§ Activity
Every line from the one containing "Some of the text" to the end of the listing below should be transcribed exactly, and no line outside that span should appear.

§ Data provided
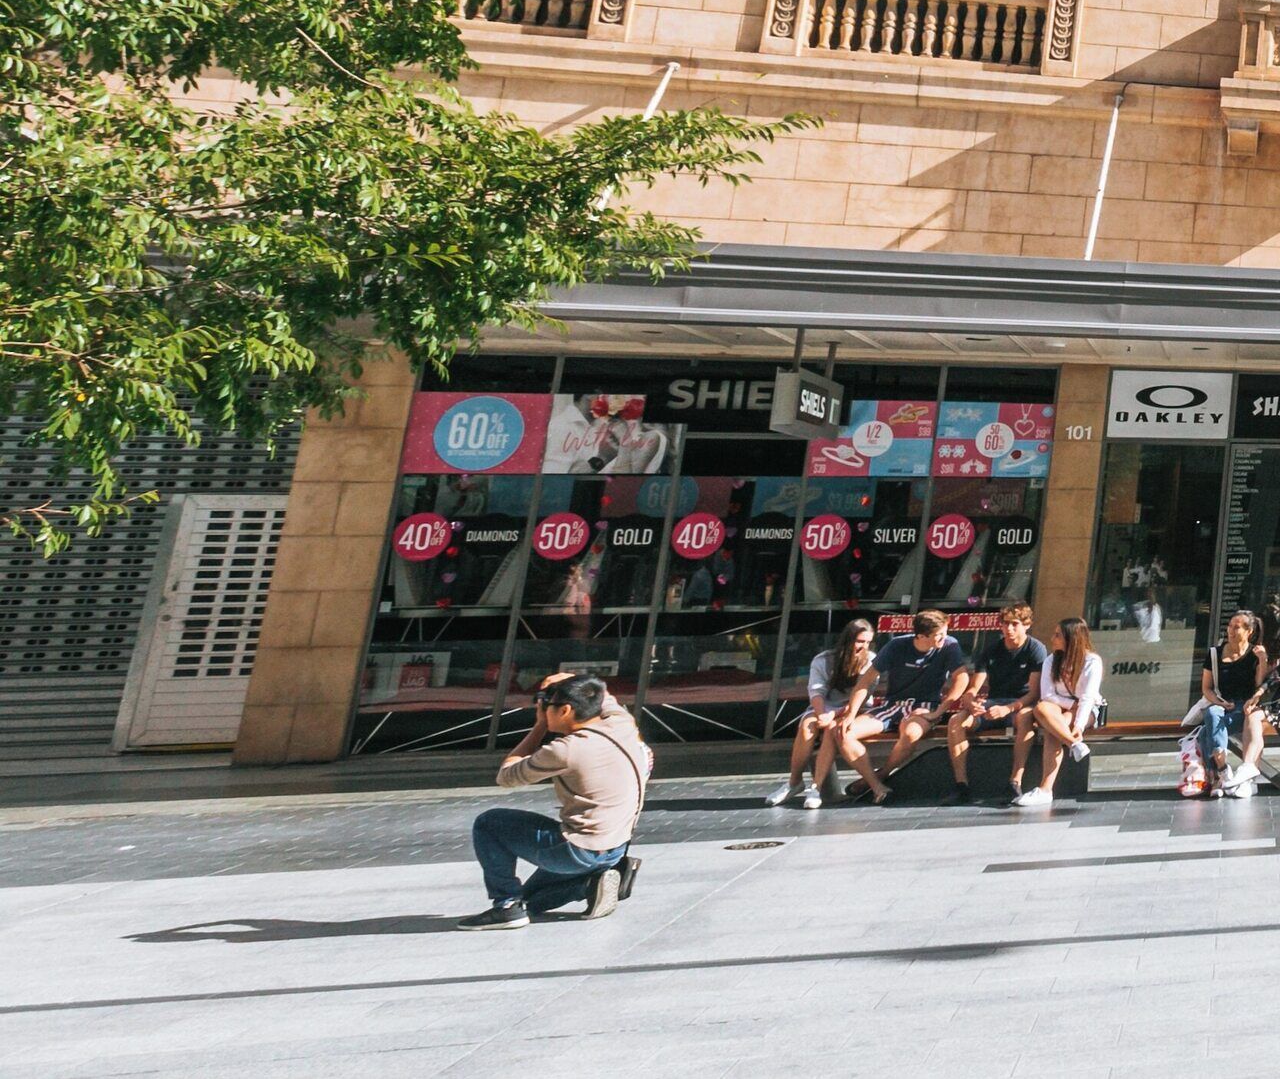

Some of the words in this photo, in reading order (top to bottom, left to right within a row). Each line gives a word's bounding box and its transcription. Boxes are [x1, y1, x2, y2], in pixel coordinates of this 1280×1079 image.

[800, 388, 826, 419] SHIELS
[1115, 411, 1225, 424] OAKLEY
[866, 424, 882, 439] 1/2
[1065, 425, 1093, 441] 101
[487, 432, 511, 449] OFF
[466, 528, 519, 543] DIAMONDS
[612, 528, 654, 546] GOLD
[705, 536, 718, 545] OFF
[744, 528, 794, 540] DIAMONDS
[873, 528, 916, 544] SILVER
[957, 536, 969, 545] OFF
[998, 528, 1033, 545] GOLD
[430, 536, 443, 547] OFF
[568, 536, 582, 546] OFF
[832, 537, 844, 546] OFF
[890, 617, 907, 629] 25%
[968, 616, 984, 626] 25%
[984, 616, 999, 626] OFF
[407, 654, 434, 665] JAG
[1112, 661, 1161, 675] SHADES
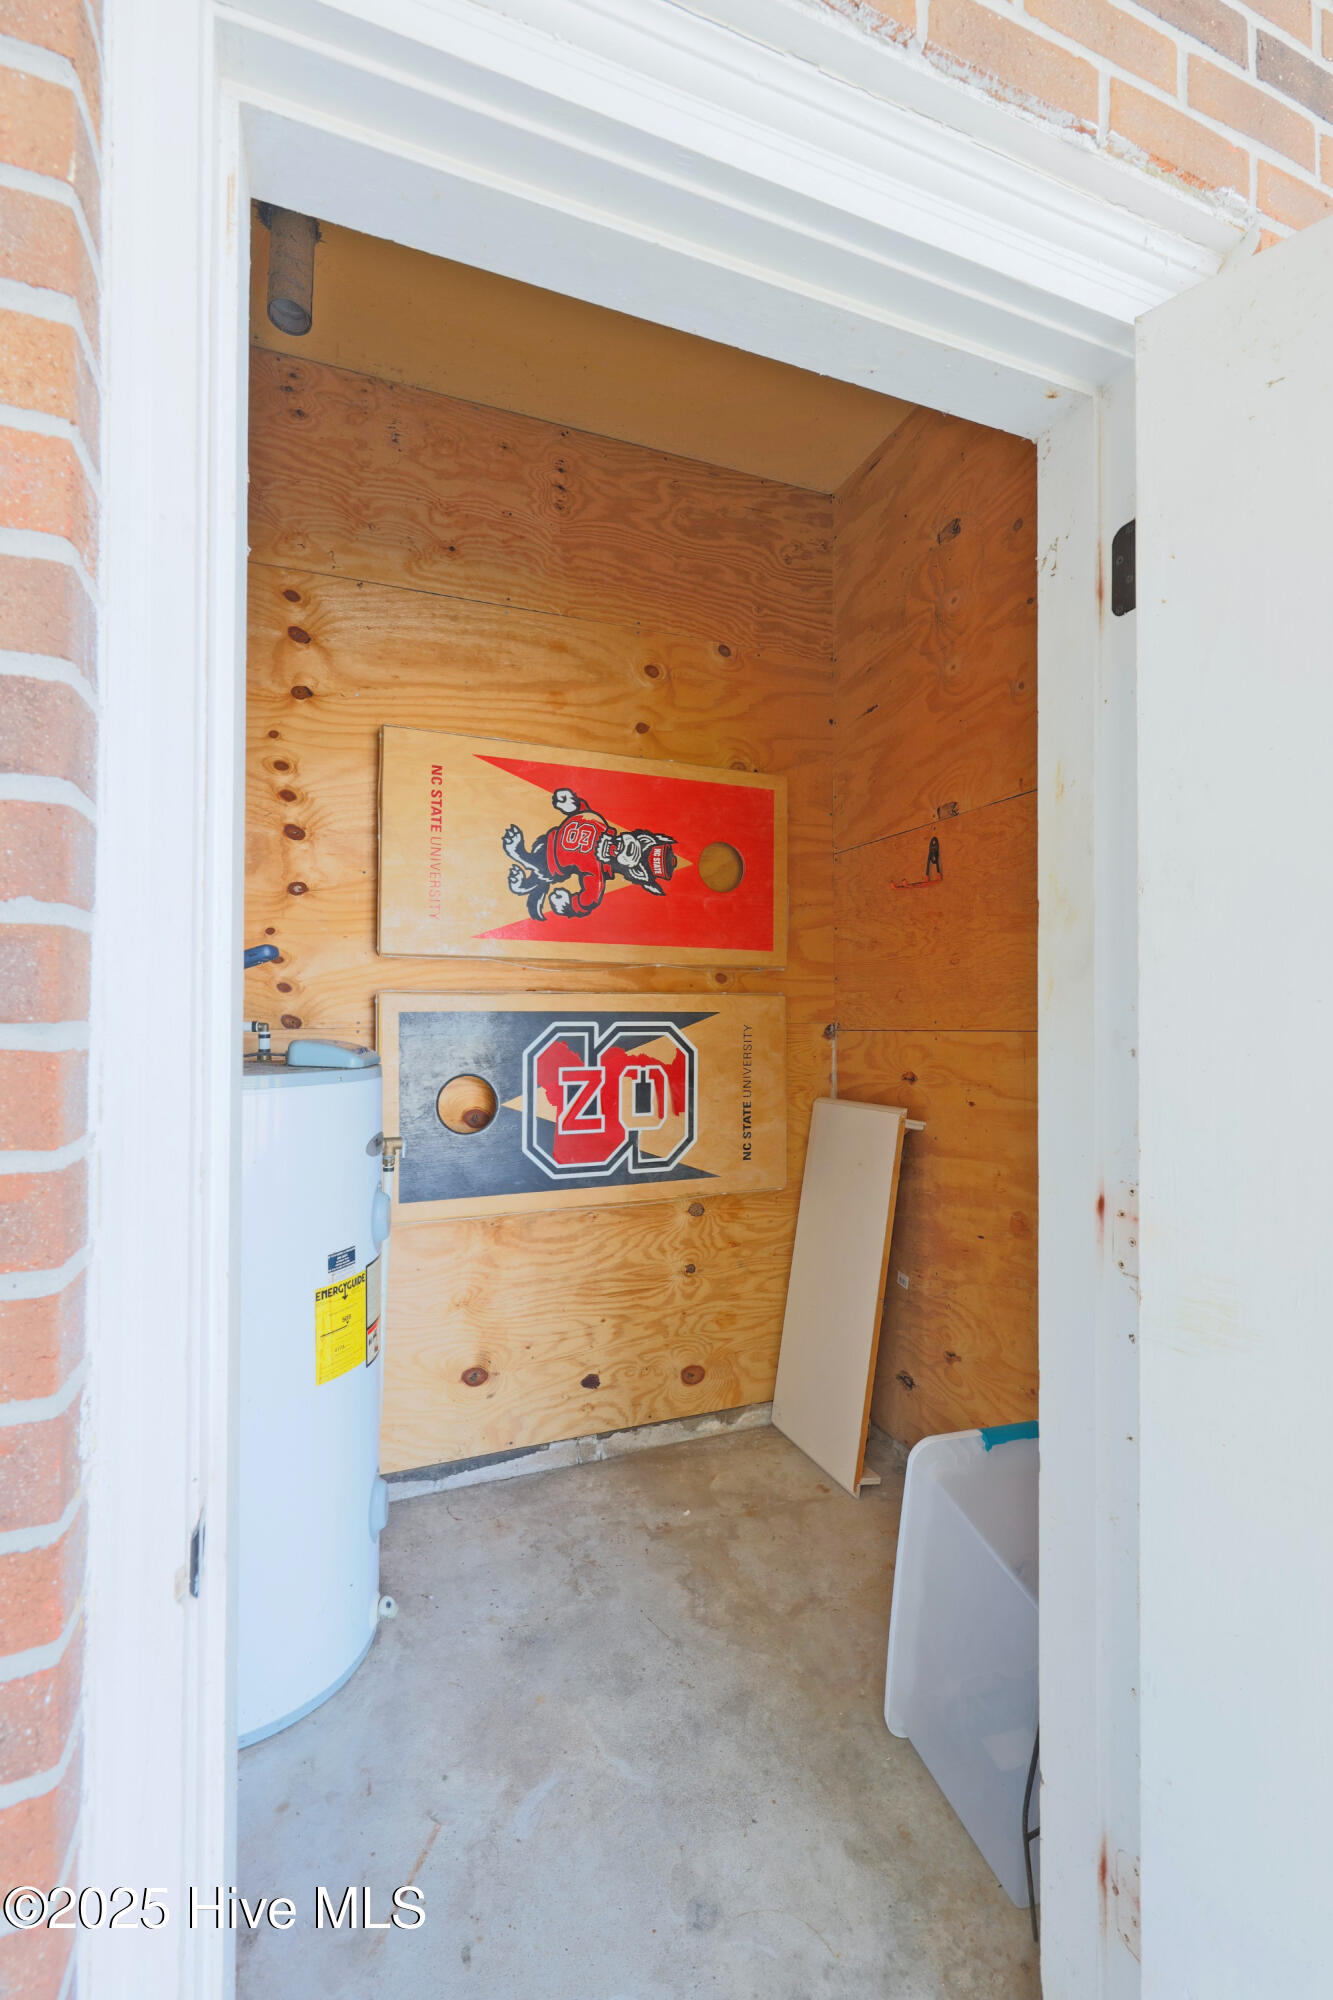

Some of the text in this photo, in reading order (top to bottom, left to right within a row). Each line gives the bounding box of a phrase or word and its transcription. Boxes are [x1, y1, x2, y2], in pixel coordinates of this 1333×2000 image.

[428, 764, 443, 921] NC STATE UNIVERSITY
[653, 857, 662, 874] STATE
[742, 1024, 753, 1161] NC STATE UNIVERSITY

§ Exercise response
Some of the text in this photo, in reading order (top to bottom, left to right within a row). Each line gives the bounding box of a phrase or word and its transcription. Boxes are [x1, y1, x2, y2], in pixel coordinates of this 1333×2000 image.

[428, 764, 443, 921] NC STATE UNIVERSITY
[653, 857, 662, 874] STATE
[742, 1024, 753, 1161] NC STATE UNIVERSITY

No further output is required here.